Print, word for word, the line containing "this 960×1280 image." and all lines beneath it to the end of the entries below. Pictures do not belong in the copy.

Data excerpts

══════════

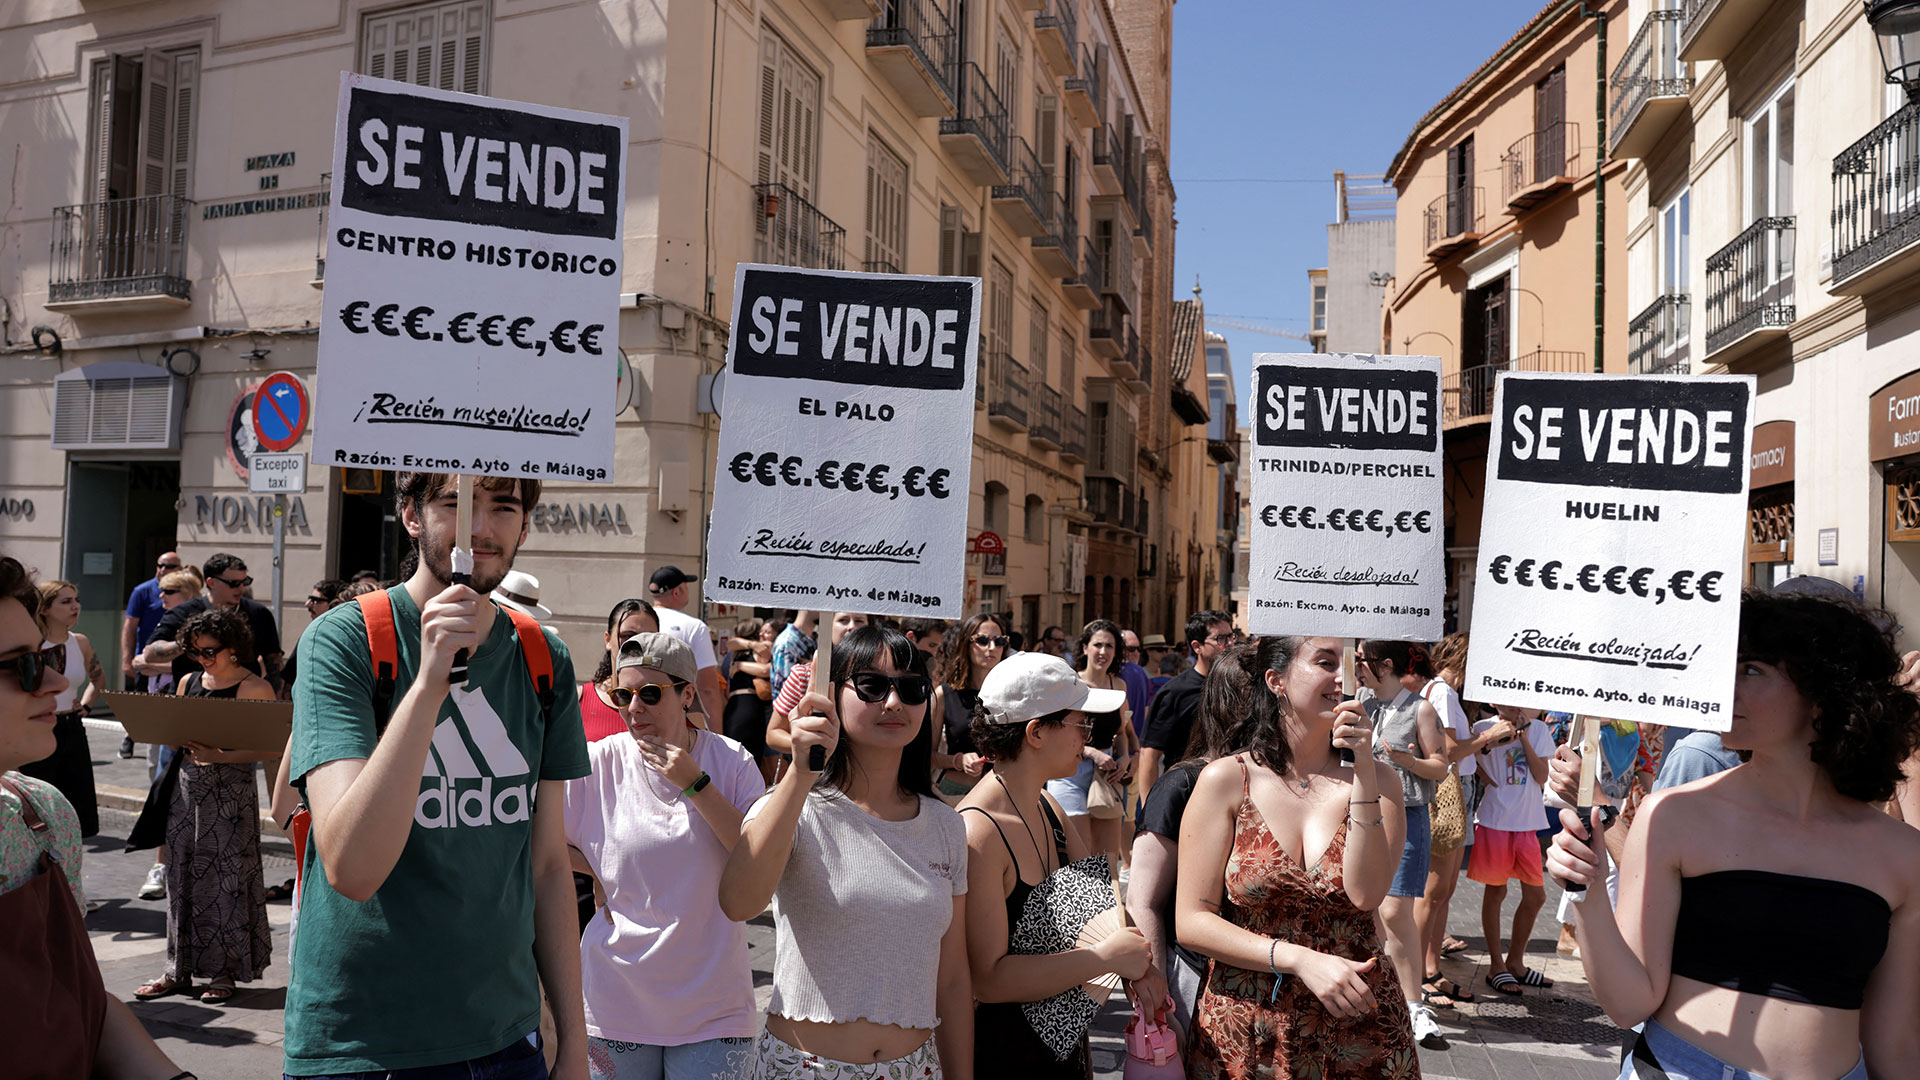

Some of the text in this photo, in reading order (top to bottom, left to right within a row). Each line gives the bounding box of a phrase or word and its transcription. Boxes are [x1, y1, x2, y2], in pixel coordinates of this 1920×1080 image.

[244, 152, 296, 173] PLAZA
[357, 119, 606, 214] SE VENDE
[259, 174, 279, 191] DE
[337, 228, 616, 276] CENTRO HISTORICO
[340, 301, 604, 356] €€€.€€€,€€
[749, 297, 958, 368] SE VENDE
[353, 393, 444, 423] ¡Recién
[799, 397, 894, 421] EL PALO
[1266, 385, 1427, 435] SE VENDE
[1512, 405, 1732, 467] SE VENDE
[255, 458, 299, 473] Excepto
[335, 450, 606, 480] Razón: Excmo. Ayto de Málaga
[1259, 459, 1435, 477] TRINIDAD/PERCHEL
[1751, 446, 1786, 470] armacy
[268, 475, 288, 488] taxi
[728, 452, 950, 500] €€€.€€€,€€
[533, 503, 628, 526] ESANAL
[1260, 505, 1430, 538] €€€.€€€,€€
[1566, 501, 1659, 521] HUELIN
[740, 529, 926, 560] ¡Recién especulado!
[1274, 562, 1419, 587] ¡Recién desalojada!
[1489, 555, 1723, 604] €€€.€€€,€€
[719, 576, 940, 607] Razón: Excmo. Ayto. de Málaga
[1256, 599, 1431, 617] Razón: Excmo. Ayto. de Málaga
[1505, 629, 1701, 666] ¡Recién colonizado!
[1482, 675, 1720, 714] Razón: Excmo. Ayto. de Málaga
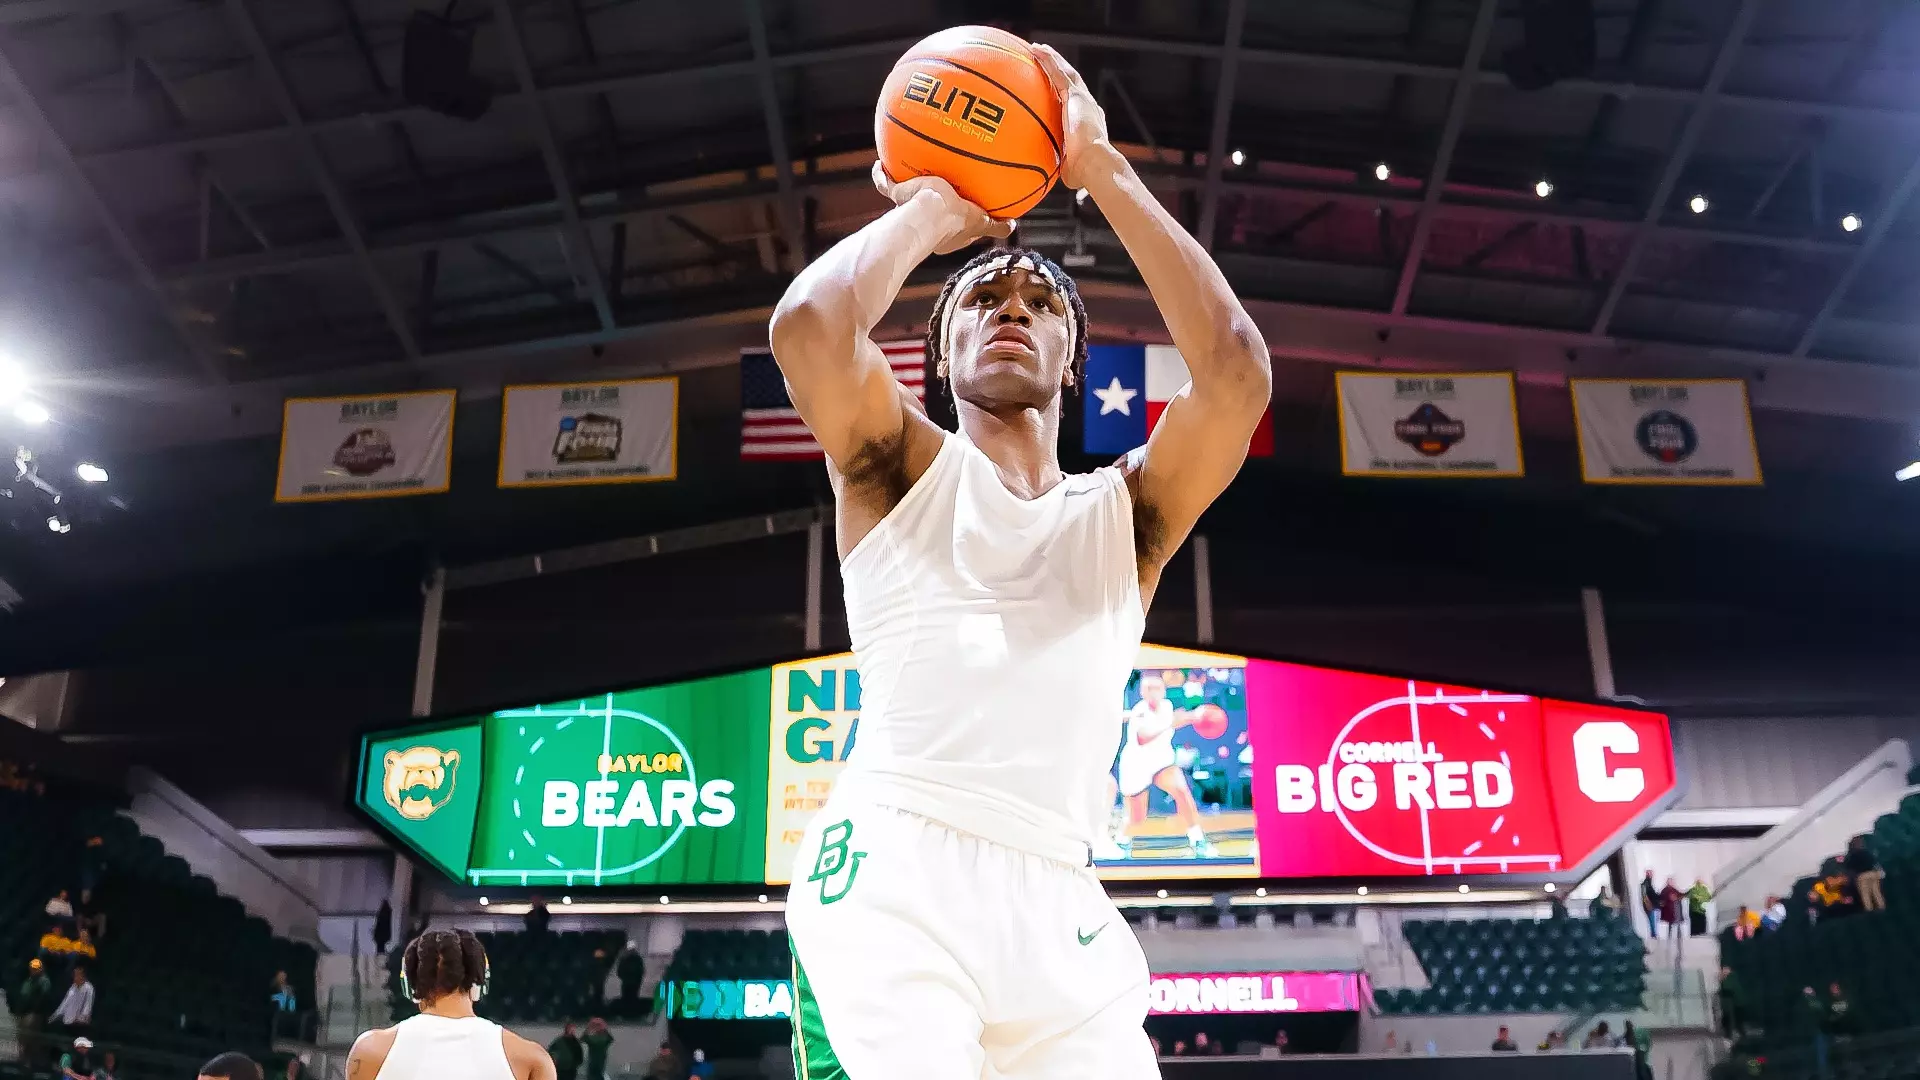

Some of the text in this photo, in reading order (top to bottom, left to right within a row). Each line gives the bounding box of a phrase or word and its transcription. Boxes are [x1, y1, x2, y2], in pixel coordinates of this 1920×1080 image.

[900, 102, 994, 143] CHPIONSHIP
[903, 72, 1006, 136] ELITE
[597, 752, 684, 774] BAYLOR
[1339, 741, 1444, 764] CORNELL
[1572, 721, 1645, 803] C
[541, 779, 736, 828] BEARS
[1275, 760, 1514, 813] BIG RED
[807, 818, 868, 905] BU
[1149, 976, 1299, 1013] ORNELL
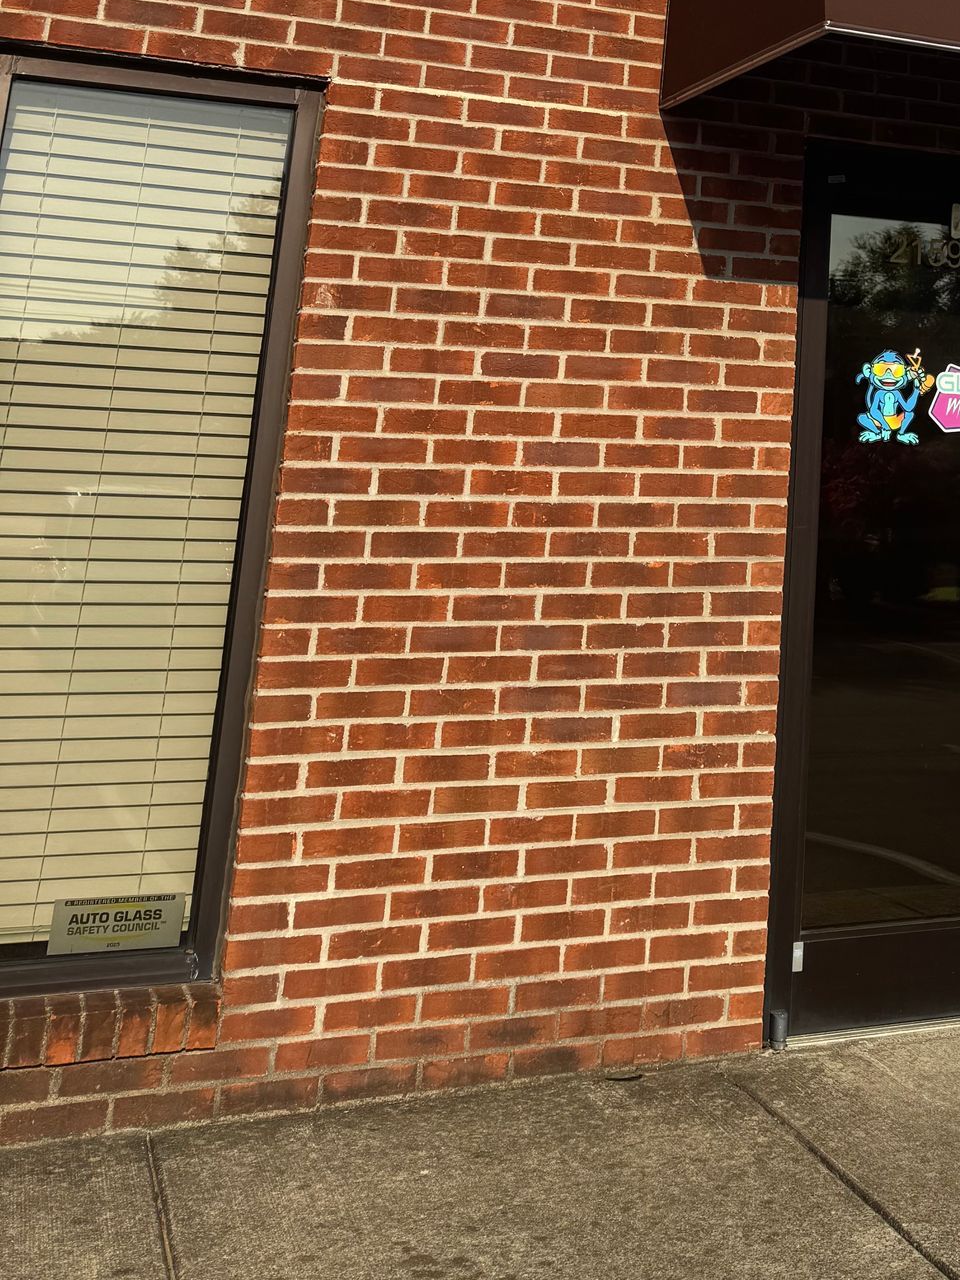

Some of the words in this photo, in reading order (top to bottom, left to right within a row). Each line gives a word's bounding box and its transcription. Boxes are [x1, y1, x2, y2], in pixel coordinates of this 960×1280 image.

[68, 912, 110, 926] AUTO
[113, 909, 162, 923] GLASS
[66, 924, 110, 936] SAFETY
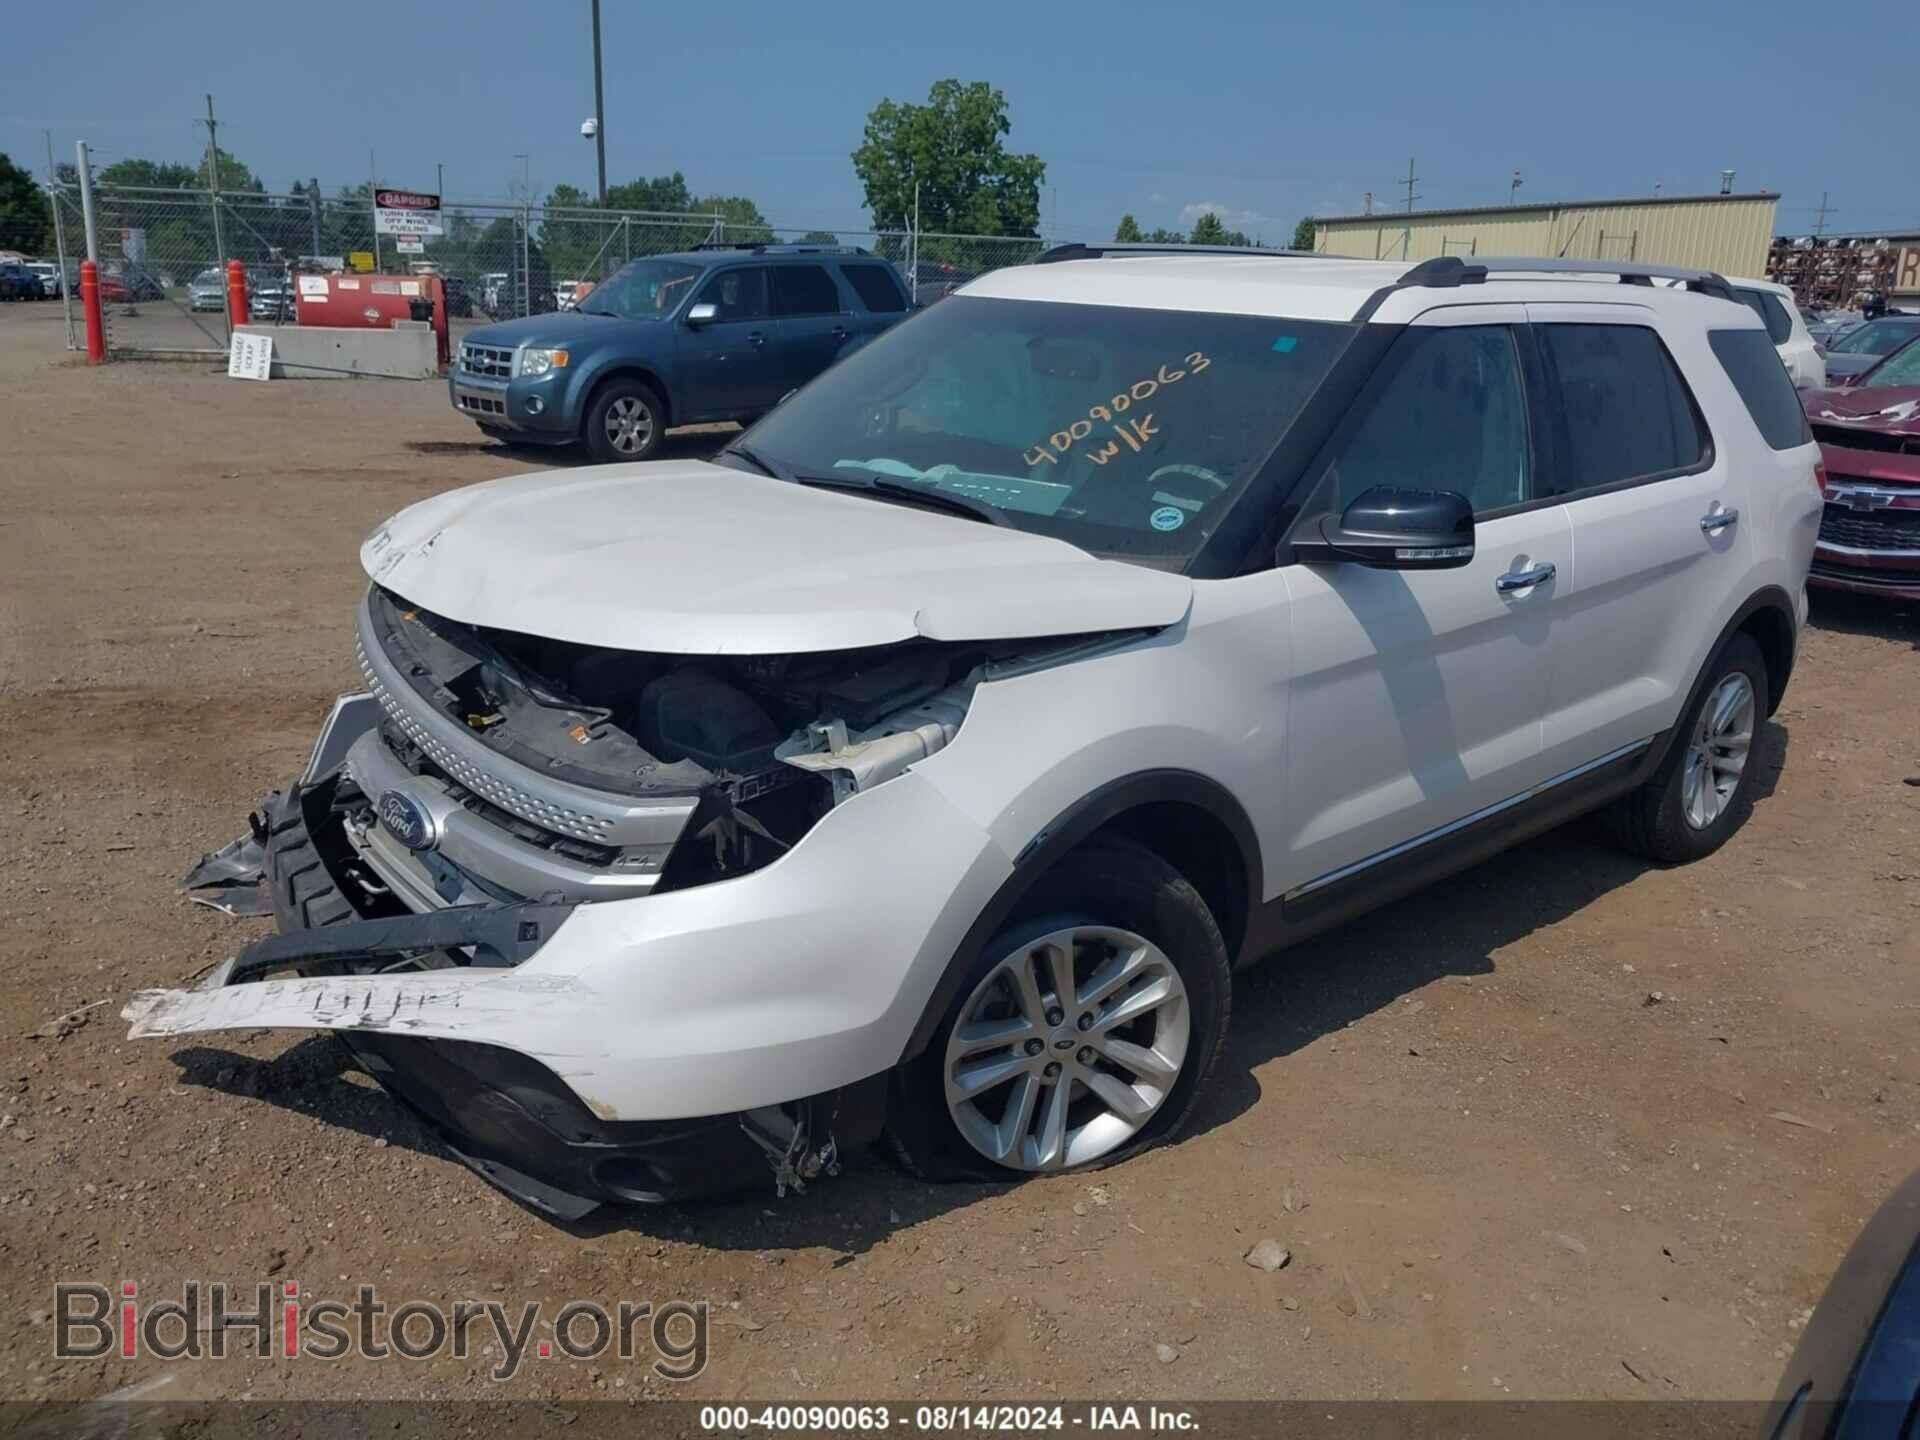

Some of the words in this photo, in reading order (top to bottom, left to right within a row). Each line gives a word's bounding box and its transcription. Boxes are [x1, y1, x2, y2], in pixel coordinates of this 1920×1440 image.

══════════

◆ **OUTPUT OF THE TASK**:
Some of the words in this photo, in reading order (top to bottom, left to right within a row). Each line gives a word's bounding box and its transcription. Boxes are [x1, y1, x2, y2], in pixel coordinates of this 960×1280 image.

[68, 912, 110, 926] AUTO
[113, 909, 162, 923] GLASS
[66, 924, 110, 936] SAFETY

Some of the words in this photo, in reading order (top to bottom, left to right within a row). Each line gives a word's bounding box and its transcription. Boxes are [x1, y1, x2, y2], in pixel coordinates of this 1920×1440 image.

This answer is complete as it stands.